* [TASK REQUIREMENTS] Would you set down the whole listing again exactly as it appears?

•••

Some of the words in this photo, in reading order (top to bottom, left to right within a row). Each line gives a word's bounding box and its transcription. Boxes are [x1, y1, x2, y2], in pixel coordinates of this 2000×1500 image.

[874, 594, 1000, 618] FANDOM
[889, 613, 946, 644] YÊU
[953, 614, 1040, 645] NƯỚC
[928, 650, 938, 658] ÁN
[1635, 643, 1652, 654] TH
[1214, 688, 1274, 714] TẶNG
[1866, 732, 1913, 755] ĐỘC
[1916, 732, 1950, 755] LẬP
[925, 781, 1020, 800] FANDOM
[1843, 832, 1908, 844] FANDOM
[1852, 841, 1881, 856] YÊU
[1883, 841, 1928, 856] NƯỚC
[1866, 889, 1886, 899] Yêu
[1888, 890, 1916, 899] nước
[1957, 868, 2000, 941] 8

•••

* [RESULT FOR THIS EXERCISE]
Some of the words in this photo, in reading order (top to bottom, left to right within a row). Each line gives a word's bounding box and its transcription. Boxes are [x1, y1, x2, y2], in pixel coordinates of this 2000×1500 image.

[874, 594, 1000, 618] FANDOM
[889, 613, 946, 644] YÊU
[953, 614, 1040, 645] NƯỚC
[928, 650, 938, 658] ÁN
[1635, 643, 1652, 654] TH
[1214, 688, 1274, 714] TẶNG
[1866, 732, 1913, 755] ĐỘC
[1916, 732, 1950, 755] LẬP
[925, 781, 1020, 800] FANDOM
[1843, 832, 1908, 844] FANDOM
[1852, 841, 1881, 856] YÊU
[1883, 841, 1928, 856] NƯỚC
[1866, 889, 1886, 899] Yêu
[1888, 890, 1916, 899] nước
[1957, 868, 2000, 941] 8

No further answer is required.